Allie Hoog: How has the community you live in affected you, how you see yourself? Does it support you? Hinder you? In what ways?

I kind of started with growing up in a really small town — weird, weird little town — called Los Alamos, New Mexico, where the atomic bomb was invented. I grew up in a community of — heavily Latino — I grew up with race, really. I grew up thinking Latino and Chicano really was white. I didn’t really see a difference in that just because I had so many friends and family and just people all around me all the time who spoke Spanish and it was normal culture for me, the food was normal culture for me, even though I was Caucasian. I just didn’t really see that much of a line.

Anna Porter: The community I live in now is very different from the community I grew up in. I grew up in like a blue collar, working class town outside of Dayton, Ohio. It was 99% white, so when I came to CSU, I was like, “This place is so diverse!” Which, apparently, it’s not. So that was surprising.

Yeah, it was just a small town. No more than 5,000 people. It was a very conservative, Christian place.

Allie: Do you have more churches than stoplights in your town?
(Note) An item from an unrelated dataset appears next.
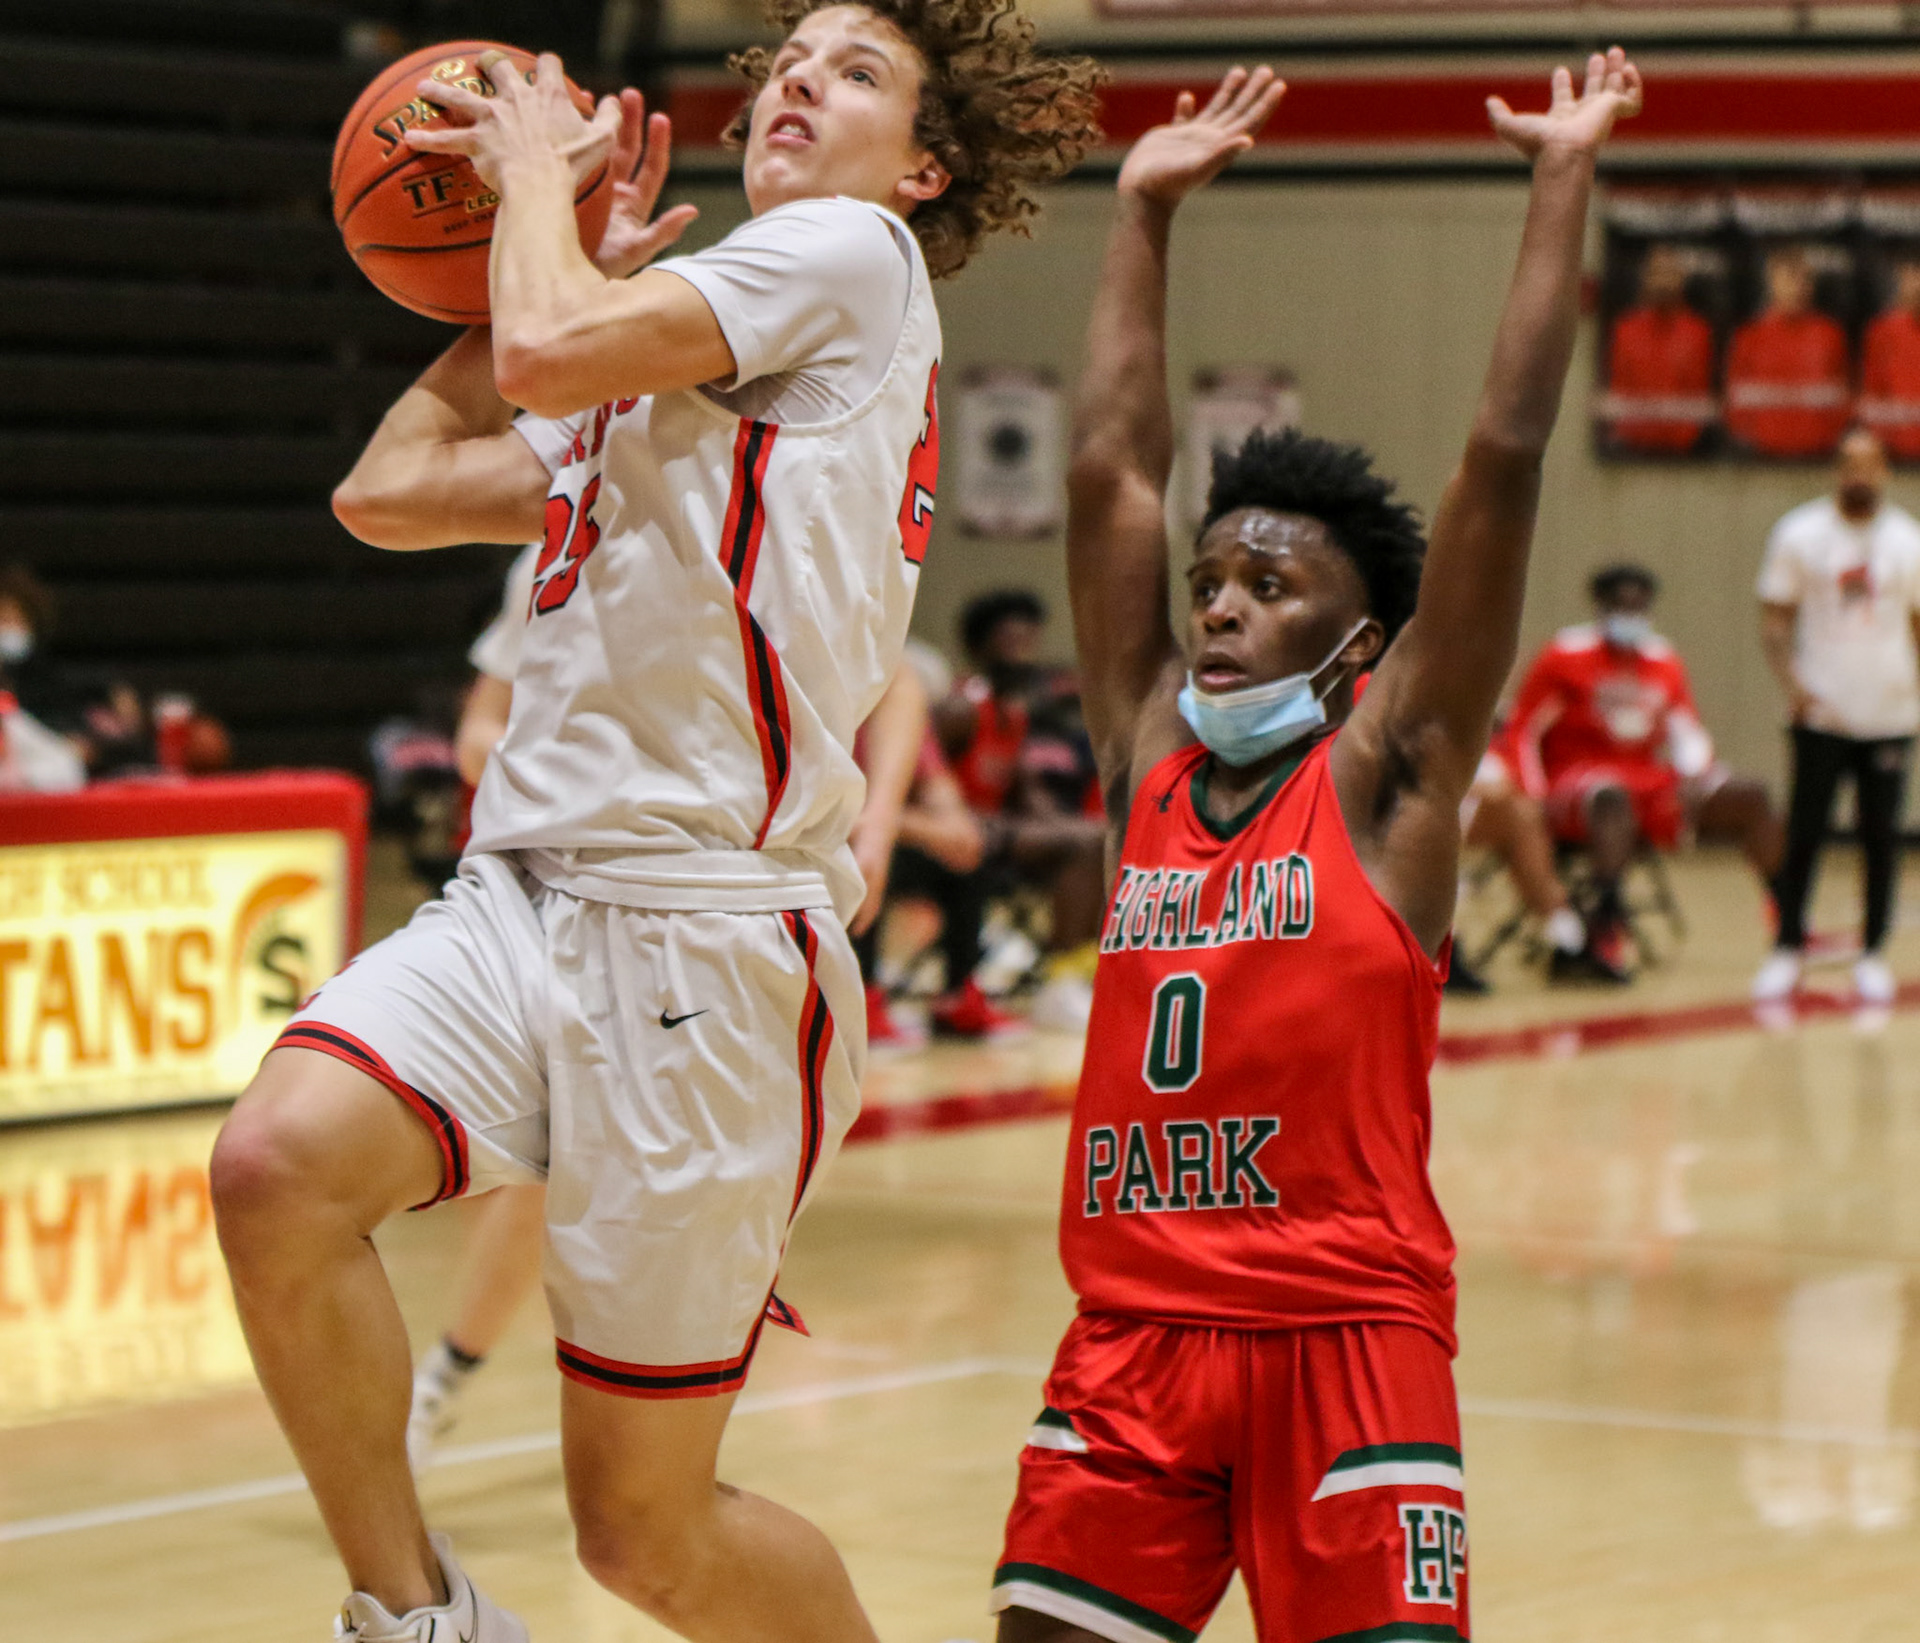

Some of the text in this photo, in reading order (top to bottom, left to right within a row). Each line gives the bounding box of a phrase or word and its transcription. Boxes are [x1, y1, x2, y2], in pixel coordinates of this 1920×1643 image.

[1101, 852, 1315, 954] HIGHLAND
[1142, 970, 1207, 1093] 0
[1083, 1117, 1279, 1217] PARK
Anna: Oh, yeah. We have like two stoplights in our town. I think it’s mainly a little shell.

Allie: Growing up in a small town is tough when you’re not the cookie cutter than everyone else.

Anna: Yeah, right, right. I was not, being queer, liberal.

Allie: Didn’t go to church?

Anna: Well, I did go to church until I started working at Arby’s when I asked them to schedule me on Sunday mornings. But it’s fine because it’s my sister who made the schedules.

Because you don’t really leave those little towns — like my whole family still lives there. I’m the first person in my family with a college degree, so this is a big step, I guess…

Allie: A lot of people don’t leave Los Alamos either. Not necessarily like a betrayal, but you’re leaving this place, that’s not been done before, like you’re kind of an outsider. At the same time like you go back and you kind of don’t understand how things go.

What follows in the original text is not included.